*EXERCISE BRIEF*: Where the data below shows a picture, leave that picture out and copy the rest exactly.

[Saved entries]
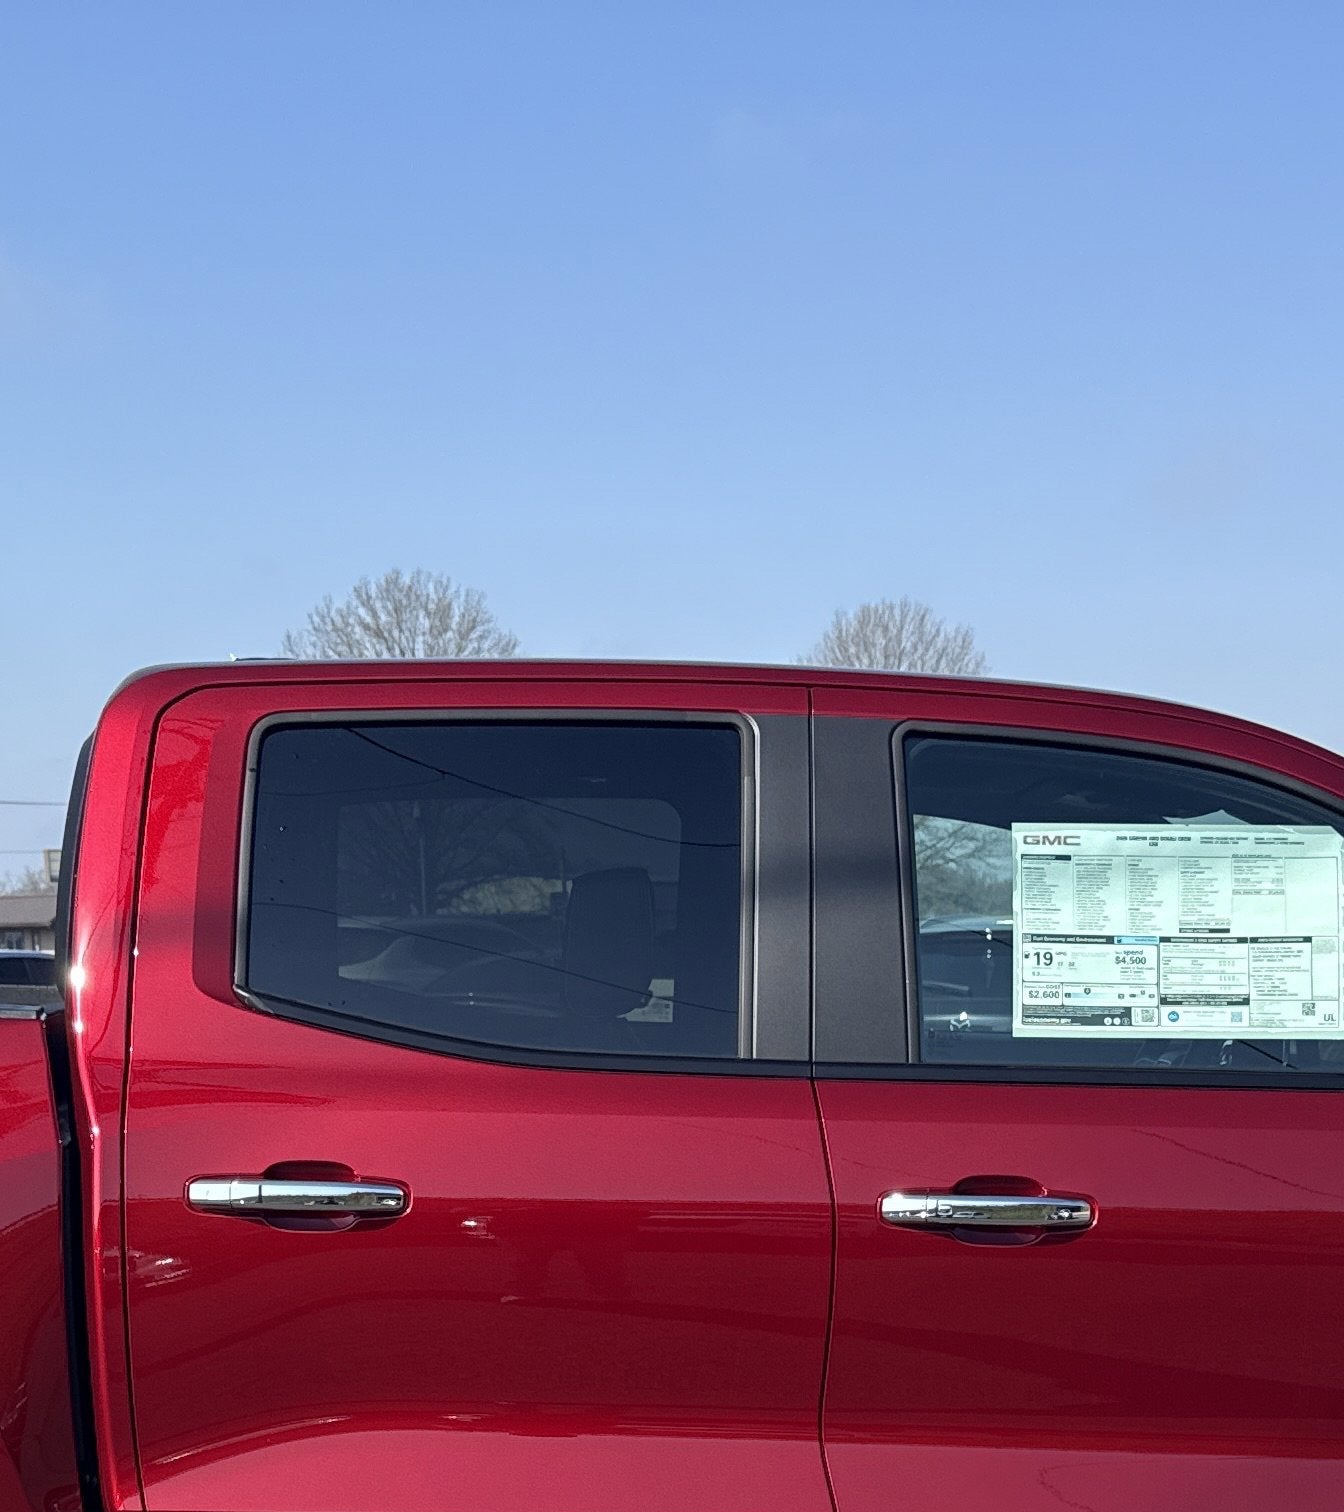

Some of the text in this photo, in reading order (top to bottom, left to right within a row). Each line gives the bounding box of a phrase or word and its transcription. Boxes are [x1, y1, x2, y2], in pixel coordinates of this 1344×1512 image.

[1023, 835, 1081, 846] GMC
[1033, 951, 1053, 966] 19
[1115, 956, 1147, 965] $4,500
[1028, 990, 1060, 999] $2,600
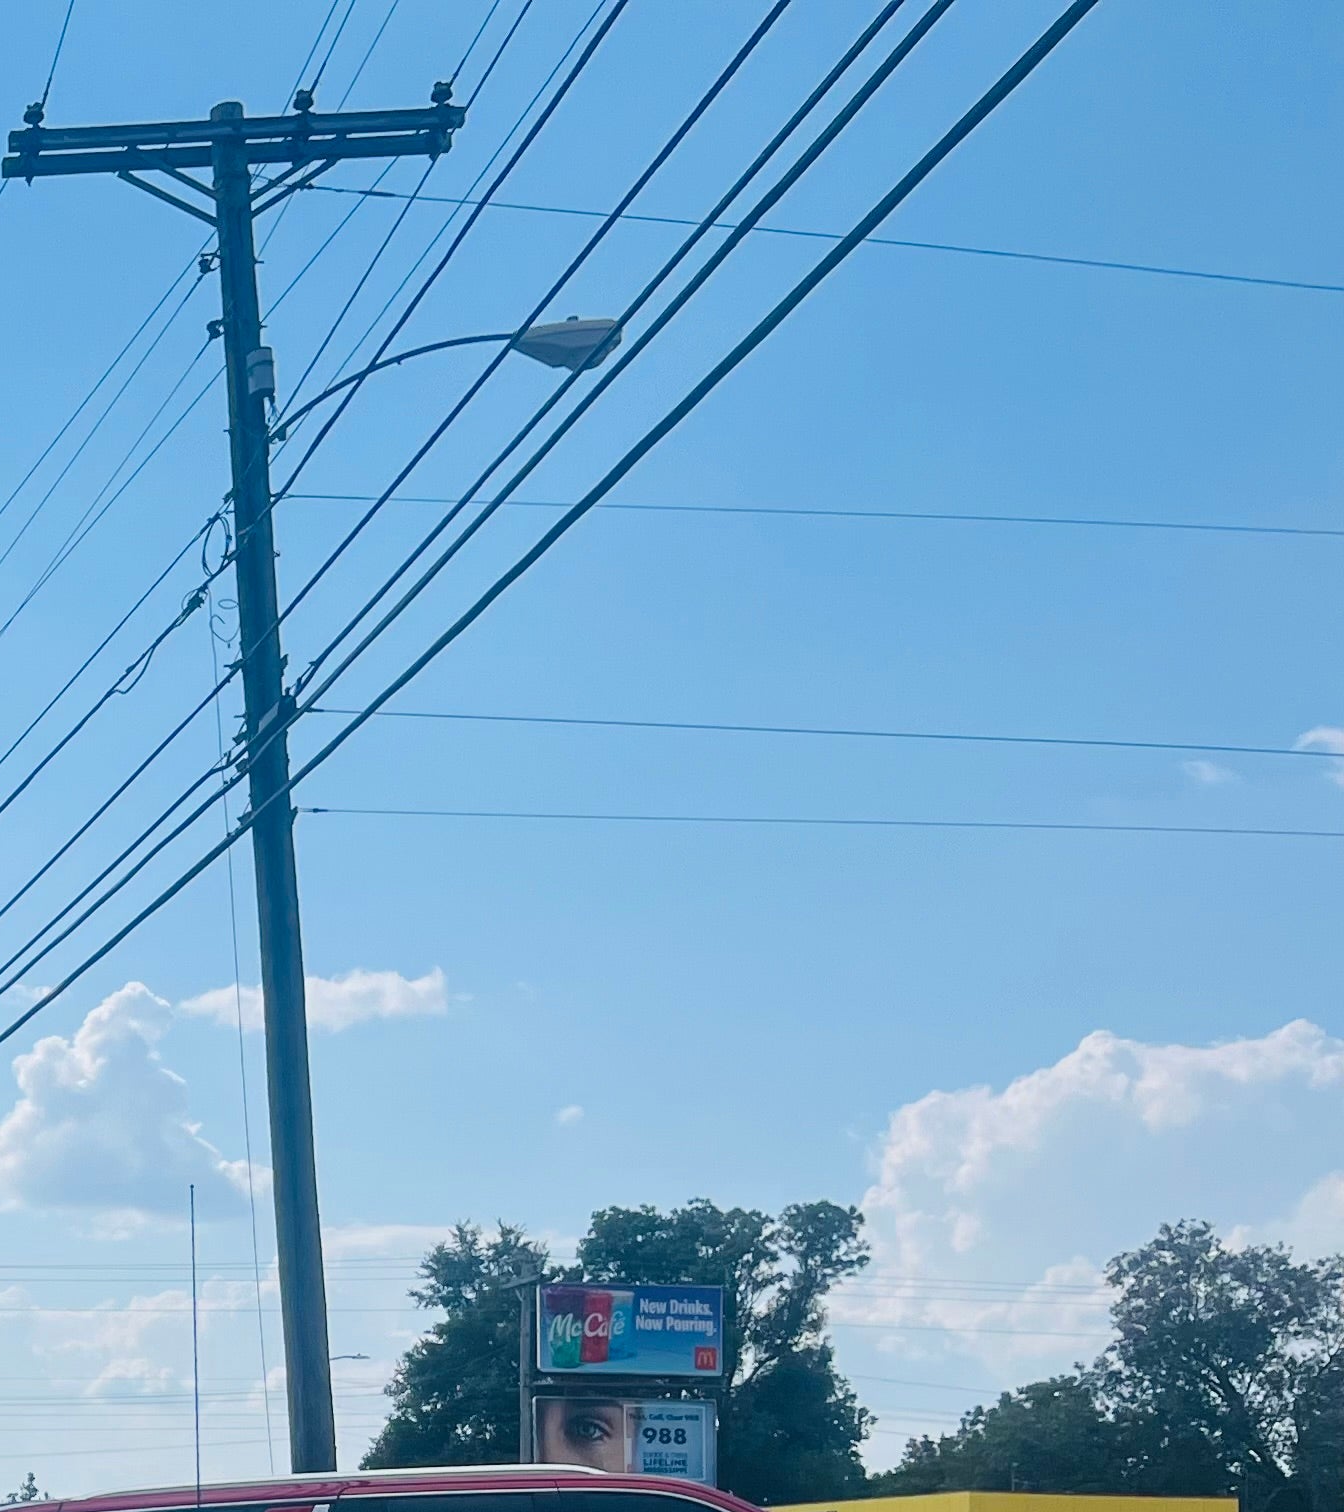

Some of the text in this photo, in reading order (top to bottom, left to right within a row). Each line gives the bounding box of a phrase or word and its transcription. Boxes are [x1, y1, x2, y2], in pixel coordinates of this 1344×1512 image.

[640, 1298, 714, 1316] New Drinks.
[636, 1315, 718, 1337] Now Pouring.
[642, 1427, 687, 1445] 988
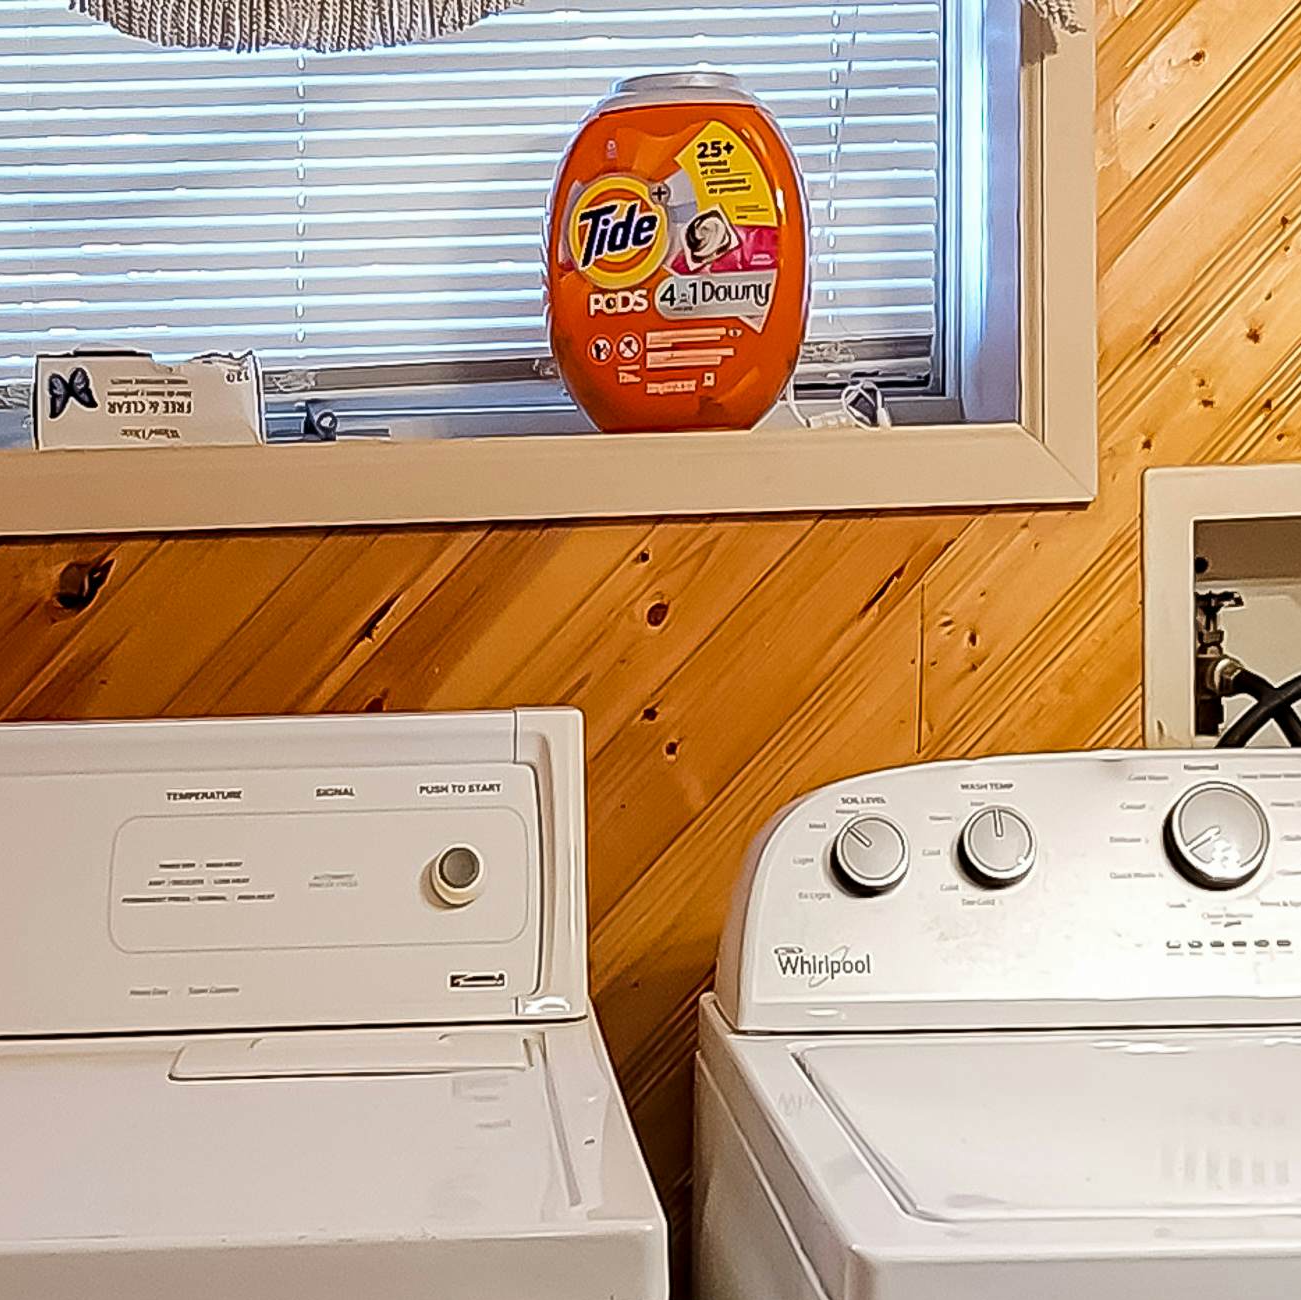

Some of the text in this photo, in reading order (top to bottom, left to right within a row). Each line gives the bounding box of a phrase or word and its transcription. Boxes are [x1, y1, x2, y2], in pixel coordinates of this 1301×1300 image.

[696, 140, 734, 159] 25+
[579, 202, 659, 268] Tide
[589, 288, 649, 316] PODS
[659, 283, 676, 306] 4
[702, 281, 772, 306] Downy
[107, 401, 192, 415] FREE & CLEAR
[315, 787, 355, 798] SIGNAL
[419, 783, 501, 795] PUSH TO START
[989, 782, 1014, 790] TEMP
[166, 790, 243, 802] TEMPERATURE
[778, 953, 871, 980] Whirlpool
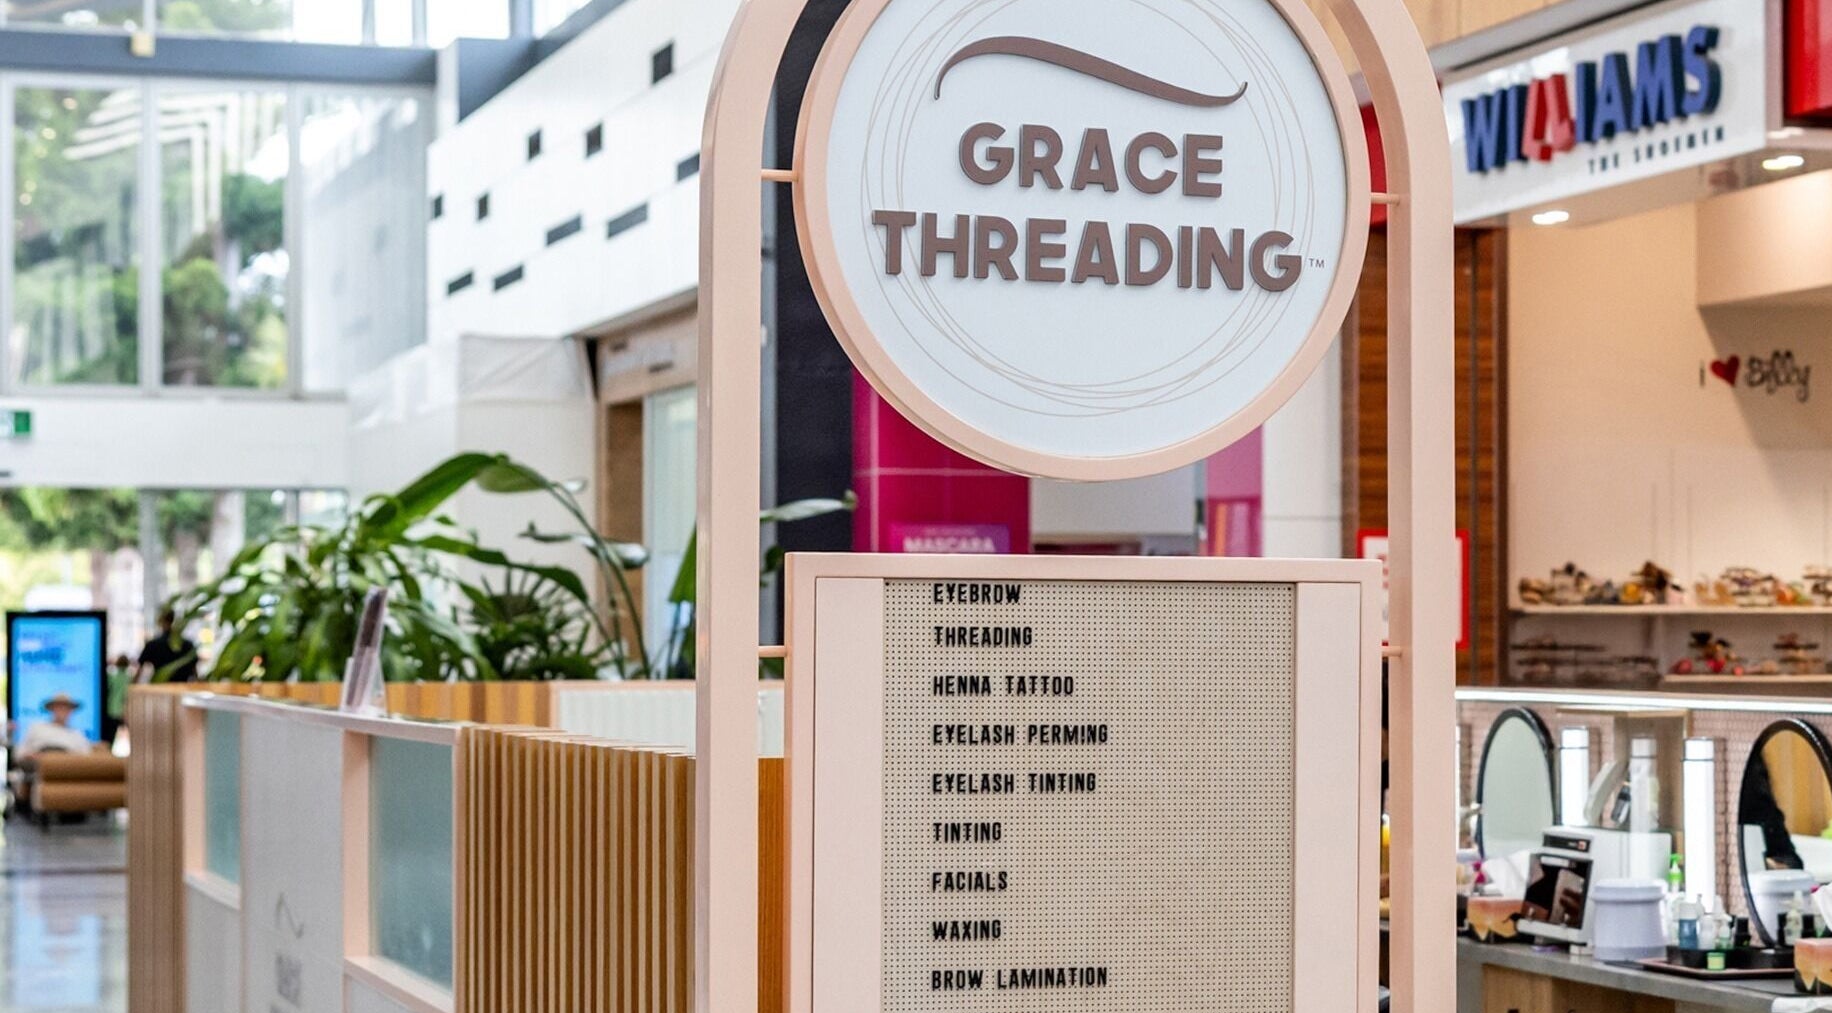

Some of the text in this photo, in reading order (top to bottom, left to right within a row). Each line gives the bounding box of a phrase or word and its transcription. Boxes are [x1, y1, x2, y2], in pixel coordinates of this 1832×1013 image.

*RESULT*:
Some of the text in this photo, in reading order (top to bottom, left to right within a row). Each line gives the bounding box of a phrase or word and its transcription. Boxes are [x1, y1, x2, y2], in pixel coordinates of this 1344×1512 image.

[1023, 835, 1081, 846] GMC
[1033, 951, 1053, 966] 19
[1115, 956, 1147, 965] $4,500
[1028, 990, 1060, 999] $2,600

Some of the text in this photo, in reading order (top to bottom, left to right within a row). Each line gives the bounding box of a phrase or word and its transcription. Boxes are [x1, y1, x2, y2], in pixel coordinates of this 1344×1512 image.

[640, 1298, 714, 1316] New Drinks.
[636, 1315, 718, 1337] Now Pouring.
[642, 1427, 687, 1445] 988

Some of the text in this photo, in reading order (top to bottom, left to right within a row). Each line gives the bounding box of a phrase or word and its transcription. Boxes are [x1, y1, x2, y2], in pixel coordinates of this 1301×1300 image.

[696, 140, 734, 159] 25+
[579, 202, 659, 268] Tide
[589, 288, 649, 316] PODS
[659, 283, 676, 306] 4
[702, 281, 772, 306] Downy
[107, 401, 192, 415] FREE & CLEAR
[315, 787, 355, 798] SIGNAL
[419, 783, 501, 795] PUSH TO START
[989, 782, 1014, 790] TEMP
[166, 790, 243, 802] TEMPERATURE
[778, 953, 871, 980] Whirlpool

Some of the text in this photo, in reading order (top to bottom, left to right within a row). Each line gives the bounding box of a phrase or word and its transcription. Boxes are [x1, y1, x2, y2], in pixel coordinates of this 1832×1013 image.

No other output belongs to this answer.